Appellate Court of Illinois, Fifth District
Apr 4, 1966
216 N.E.2d 14 (Ill. App. Ct. 1966)


In Buckler the court held that a witness who possessed a Ph.D. degree, and was a practicing clinical psychologist and a member of the faculty of the medical school of a university, was qualified to express an expert opinion that the plaintiff who sought damages for injury was reacting to brain damage.

Summary of this case from Kinsey v. Kolber


Gen. No. 65-37.

April 4, 1966.

Appeal from the Circuit Court of Madison County; the Hon. AUSTIN LEWIS, Judge, presiding. Judgment affirmed.

Roberts, Gundlach, Lee Stubbs, of East St. Louis (Carl W. Lee, of counsel), for appellants.

Reed, Armstrong Gorman, of Edwardsville (James L. Reed, of counsel), for appellee.

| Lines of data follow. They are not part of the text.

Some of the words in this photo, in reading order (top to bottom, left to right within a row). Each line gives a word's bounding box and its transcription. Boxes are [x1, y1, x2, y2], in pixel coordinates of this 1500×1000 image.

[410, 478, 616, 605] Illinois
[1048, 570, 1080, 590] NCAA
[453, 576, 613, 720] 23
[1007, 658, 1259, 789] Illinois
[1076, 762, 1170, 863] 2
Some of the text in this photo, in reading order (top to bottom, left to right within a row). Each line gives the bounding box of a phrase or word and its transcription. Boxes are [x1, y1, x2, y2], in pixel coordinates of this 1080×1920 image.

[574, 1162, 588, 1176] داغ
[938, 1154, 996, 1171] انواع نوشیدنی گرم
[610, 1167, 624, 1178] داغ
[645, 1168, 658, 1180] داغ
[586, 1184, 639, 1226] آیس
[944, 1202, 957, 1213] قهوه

This is a damage suit for personal injuries arising out of an automobile accident. The plaintiff alleged his injuries were sustained as the proximate cause of the negligence of the defendant Donald Harris while acting as the agent of the defendant Sinclair Refining Company. The trial court directed a verdict for the plaintiff and against both defendants on the issue of liability. Thereafter the jury assessed damages in the amount of $95,000. The defendant appeals and requests a new trial on the issue of damages. No issue was raised as to the trial court's determination of the issue of liability.

The defendant assigns the following errors as a basis for a new trial on the issue of damages:

1. Denial of an independent medical examination pursuant to Supreme Court Rule 17-1.

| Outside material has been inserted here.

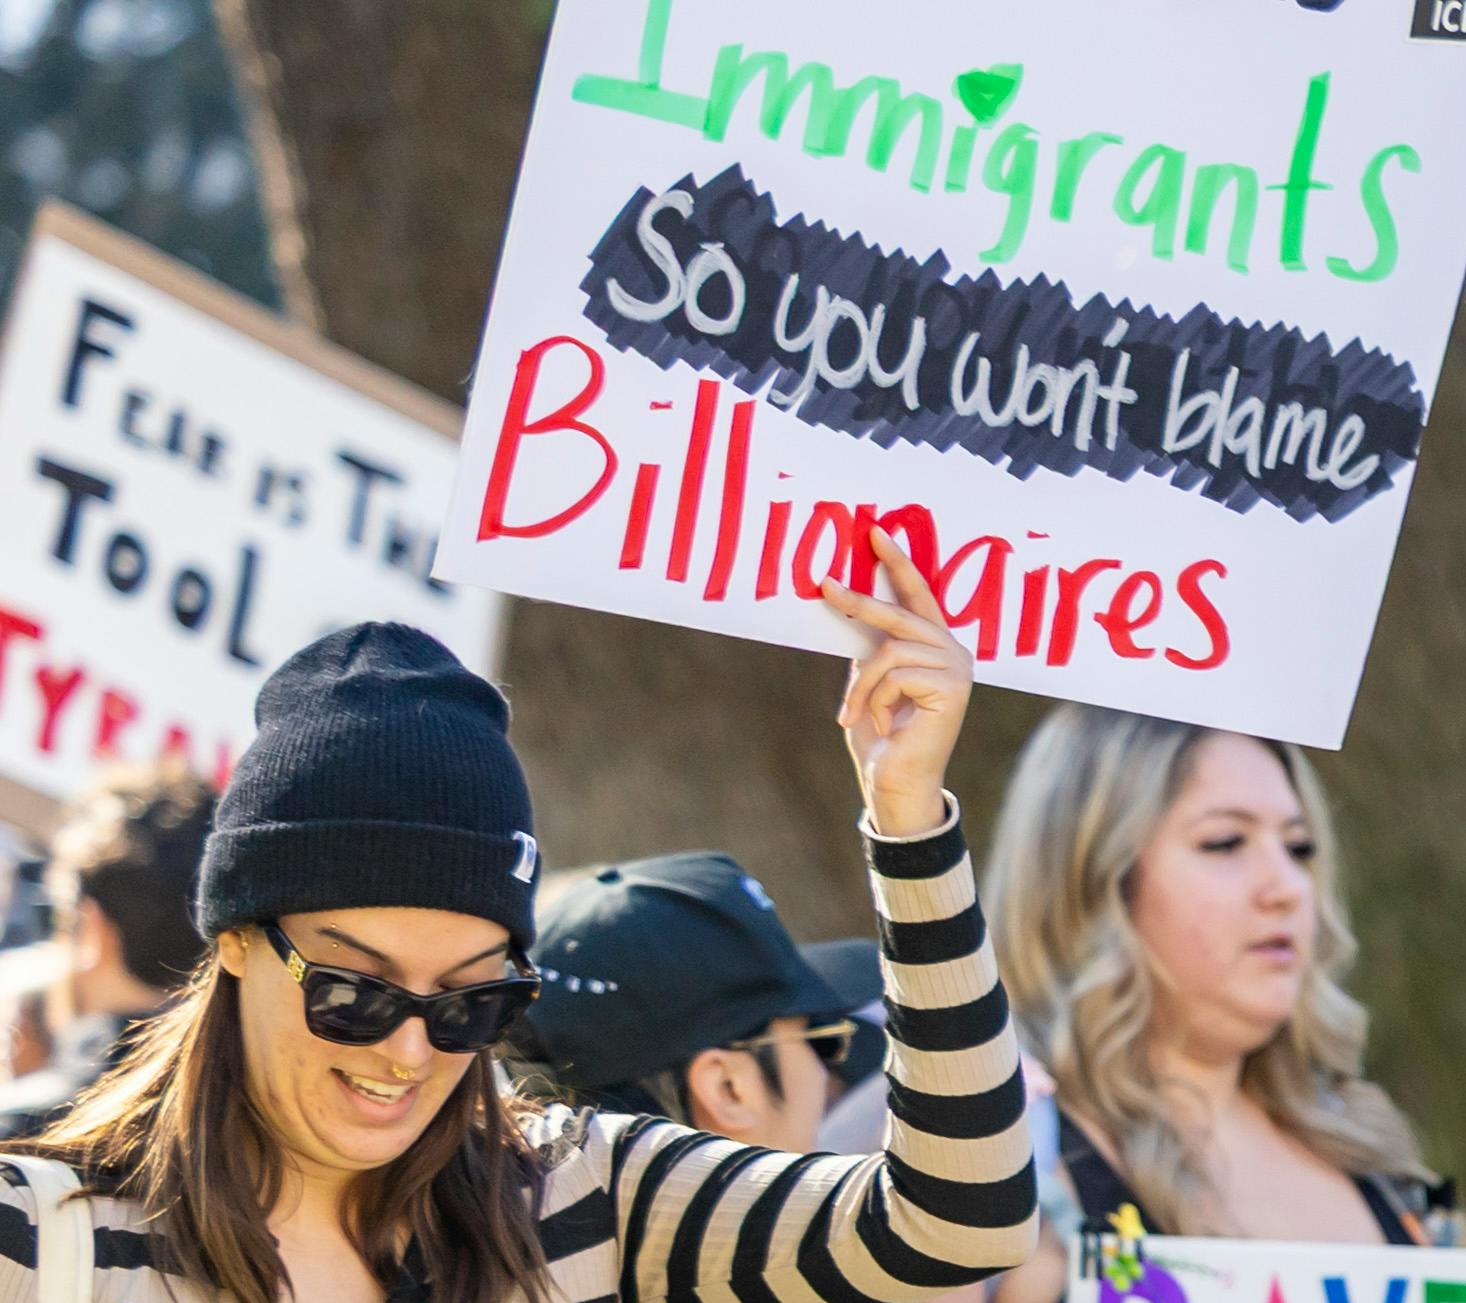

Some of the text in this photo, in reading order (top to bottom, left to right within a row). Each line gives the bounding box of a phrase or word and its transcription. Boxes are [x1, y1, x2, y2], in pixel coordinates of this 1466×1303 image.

2. Failure to exclude a witness whose name was not furnished in answer to a specific interrogatory.

3. Evidentiary rulings relating to the question of damages.

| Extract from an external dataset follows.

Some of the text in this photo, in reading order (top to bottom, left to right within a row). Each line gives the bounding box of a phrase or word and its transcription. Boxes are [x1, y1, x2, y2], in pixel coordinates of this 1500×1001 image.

4. Improper closing argument on behalf of the plaintiff.

5. Erroneous instructions on the issue of damages.

6. Excessiveness of the verdict.

Because the question of liability is not in issue a recitation of the facts surrounding the accident is not required. A detailed chronology of the pertinent pleadings and discovery practice, including trial and pretrial maneuvers, is important because of the underlying premise of the defendant's appeal. The defendant contends that the trial court permitted the plaintiff to manipulate the pleadings unfairly, avoid proper discovery, utilize improper evidence and prejudicial argument to obtain a verdict for manifestly excessive damages.

The complaint in this cause was filed on July 29, 1964. Count one alleged certain acts of negligence by the defendant Donald Harris, as agent of the Sinclair Refining Company, which proximately caused permanent injury to the plaintiff's person and loss of past and future income. The prayer asked damages in the amount of $750,000. Count two alleged wilful and wanton misconduct and sought compensatory damages in the same amount. No claim was made for punitive damages.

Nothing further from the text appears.